Is All the Brandon Marshall Drama Tied to Darrent Williams?

February 2010

It's been more than three years since Denver Broncos defensive back Darrent Williams (right) left a downtown Denver nightclub and was killed a few blocks away when the limo he was riding in was sprayed with bullets. The trial of one of the accused shooters, Willie Clark, is now finally set to begin, with opening statements coming as soon as tomorrow (via Fox31). Clark is charged with 39 counts, including premeditated murder. The shooting occurred in the early hours of January 1, 2007, after a New Year's Eve party at a downtown nightclub, which was also a birthday party for the Denver Nuggets' Kenyon Martin. A confrontation between Broncos wide receiver Brandon Marshall and Clark's group of friends apparently precipitated the shooting, and several current and former Broncos find themselves on the witness list in the case. Marshall (left), Elvis Dumervil, and D.J. Williams are among them, along with former players Javon Walker, Karl Paymah, Nate Webster, and Demetrin Veal (via Examiner). Of them, Marshall is likely to play the largest part from the witness stand. In fact, Marshall's role may be driving a seemingly unrelated Broncos storyline that's been festering for more than a year. Marshall's desires to play for another team have been publicized in the past, and his sometimes erratic behavior with the team has been blamed on immaturity and greed. But Mike Klis of The Denver Post (free registration required) speculates that guilt from his role in the incident is driving Marshall's on-again-off-again desire to leave Denver. Klis believes the truth was revealed when Marshall was pulled over for drunken driving and said, according to an officer, "I hate Denver. I hate this (bleeping) city. Why aren't you guys looking for Williams' killer?"

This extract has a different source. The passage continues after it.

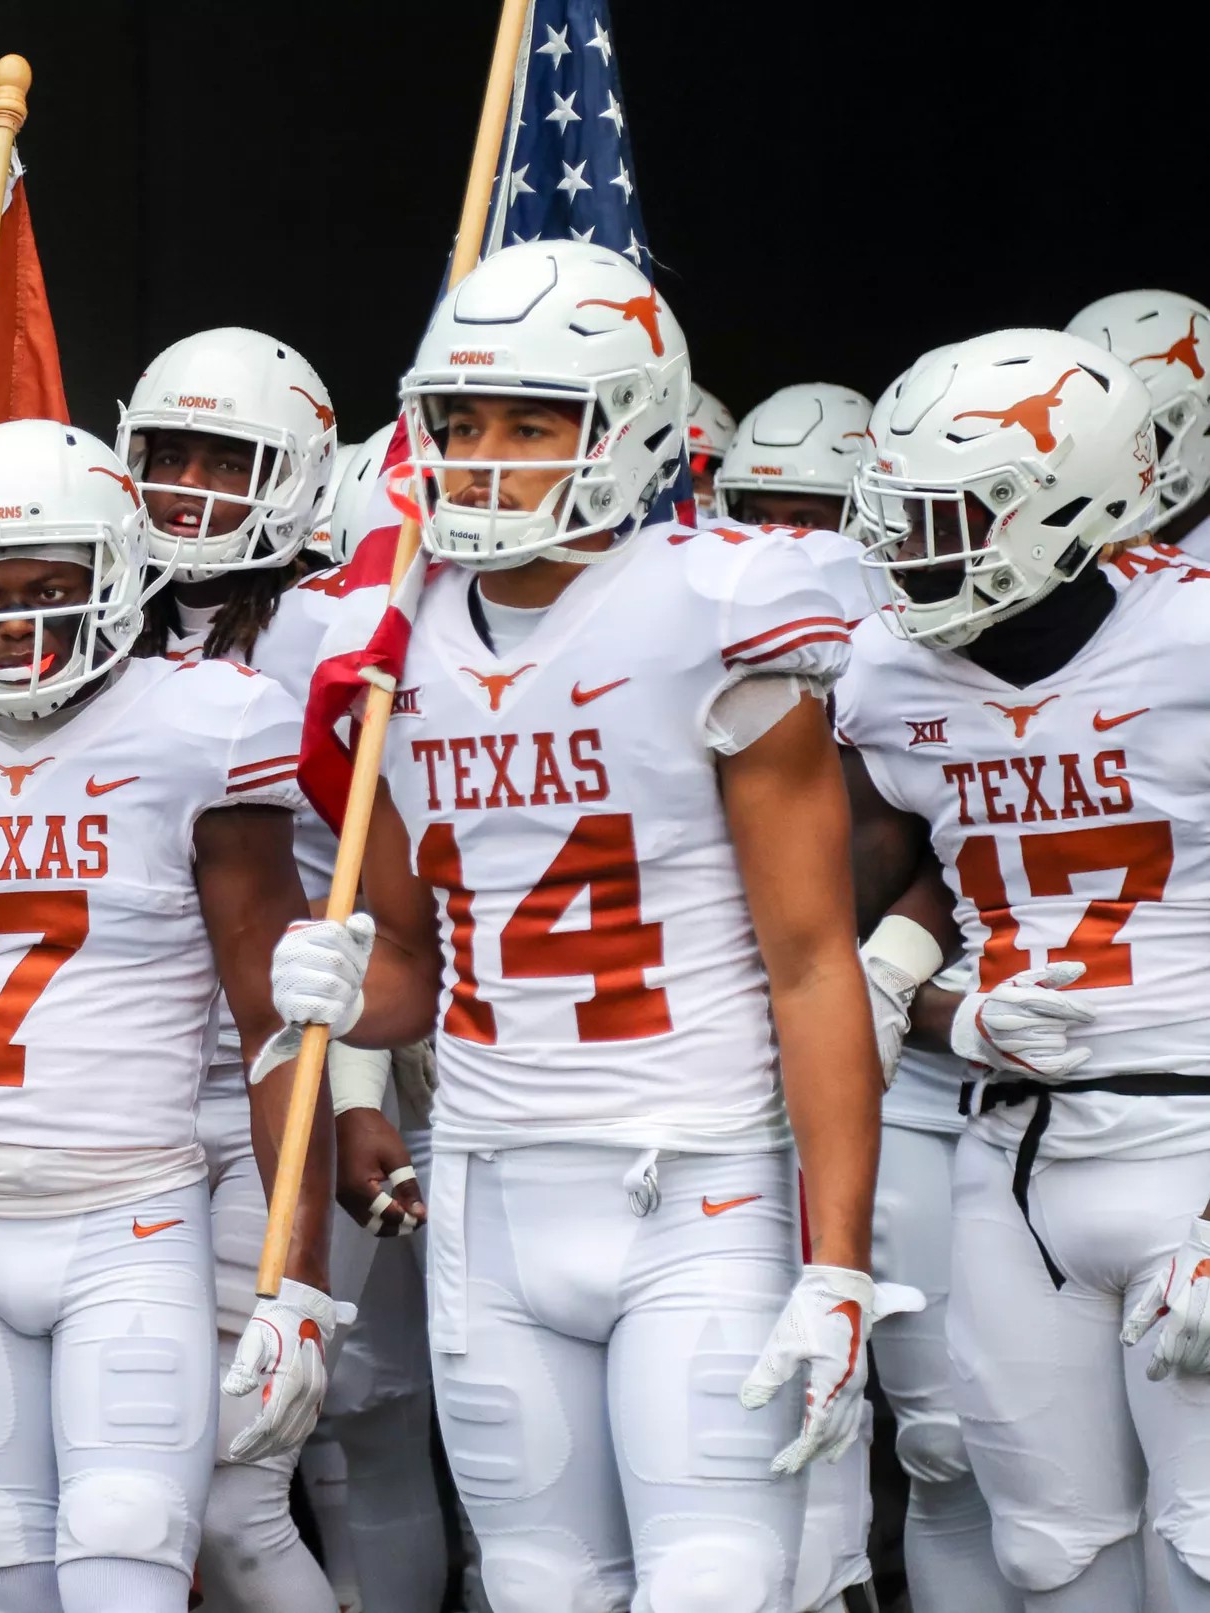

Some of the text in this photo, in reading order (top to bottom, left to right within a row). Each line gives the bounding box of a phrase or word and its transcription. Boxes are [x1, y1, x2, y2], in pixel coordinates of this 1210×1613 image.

The Post notes in a separate article that the trial will shine a light on area gang activity, as Clark was allegedly a member of the Tre Tre Crips gang. The shooting pits a group of moneyed athletes against a group of men prosecutors describe as "crack-dealing gangsters." Although the case transcends the sports world, watch for it to have an impact on the Denver Broncos, as well.